The study also found “similar” differences in submission times compared with past studies of cancer drugs showing that FDA received drugs earlier. However, “our estimated differences in submission times of new applications between the United States and Europe were only marginal,” the authors said.

“International cooperation may have helped reduce these differences across countries,” they continued. The study highlights the FDA’s Project Orbis, a collaborative review program launched in 2019 to speed access to new cancer therapies by establishing concurrent submission and review between regulatory agencies. The health authorities of Australia, Brazil, Canada, Israel, Singapore, Switzerland, and the UK are participants in Project Orbis.

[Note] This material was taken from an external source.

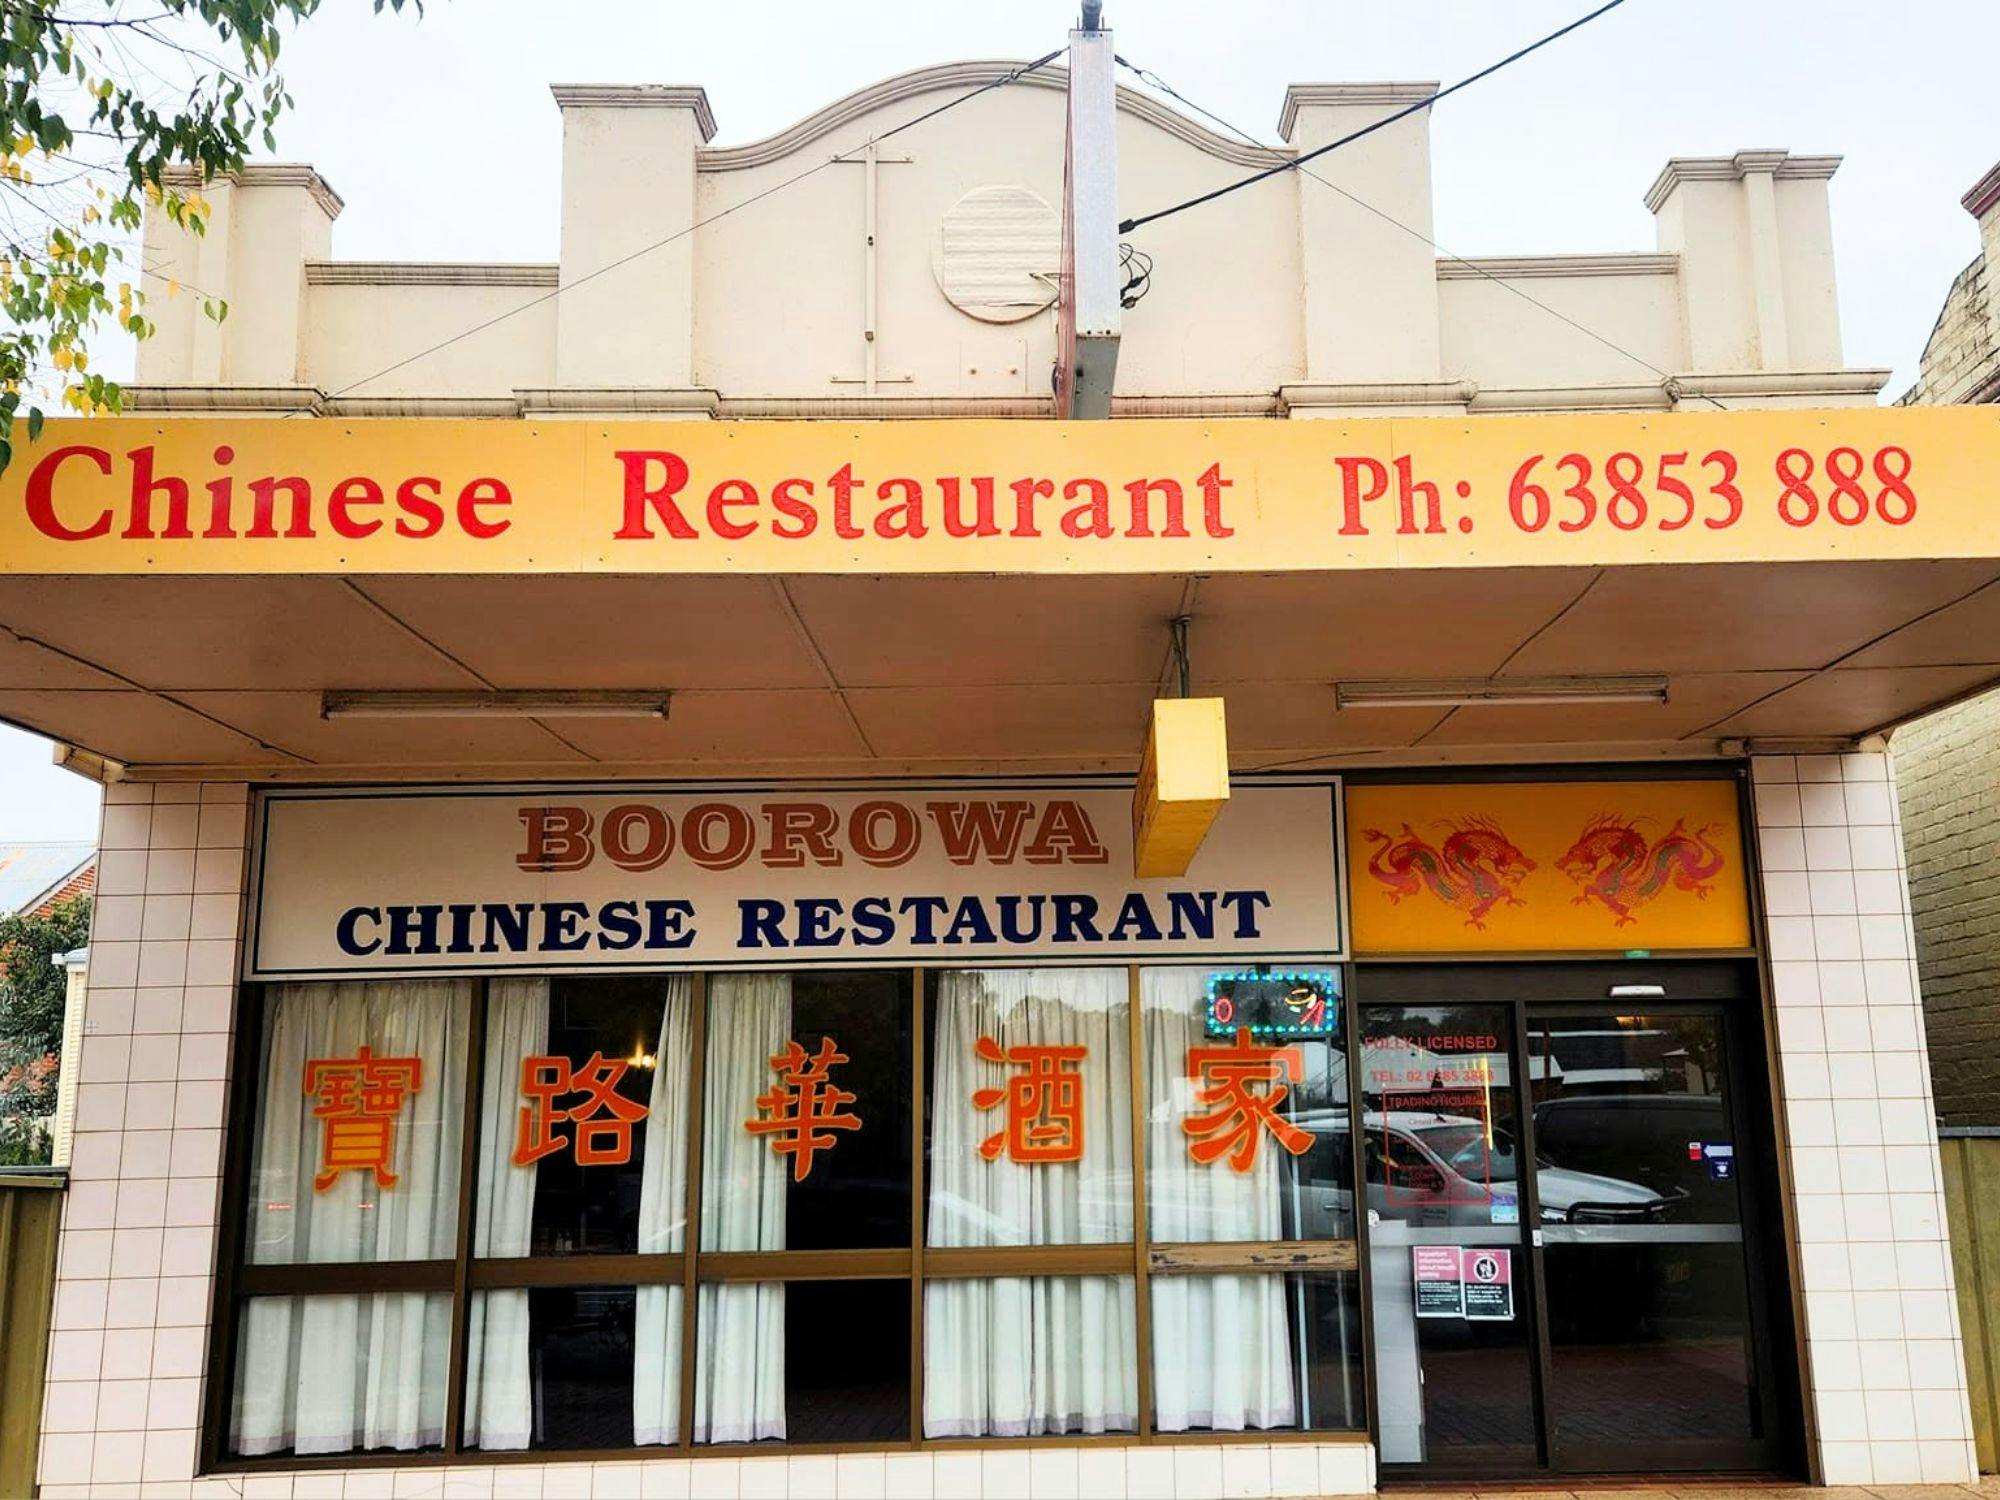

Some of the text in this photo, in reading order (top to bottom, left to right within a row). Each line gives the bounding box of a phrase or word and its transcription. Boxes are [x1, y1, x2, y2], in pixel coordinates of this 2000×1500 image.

Across indications, review duration was shorter for drugs that used at least one expedited pathway, the study reported: reviews were 45% faster in the US, 44% faster in the US, and 42% faster in Switzerland. Such drugs made up a majority (66%) of the FDA approved new drugs in the sample, but only 21% of EMA and 34% of Swissmedic approvals.

The FDA and EMA also saw similar effects on review performance for supplemental indications, where the FDA was 26% faster for supplemental than for first indications and the EMA was 27% faster for supplements. However, the median total review duration for supplemental indications was 26 weeks in the US and 40 weeks in the EU.

“The proportion and probability of approved supplemental indications rated as having high therapeutic value have been substantially lower than those of first indications,” the authors reported.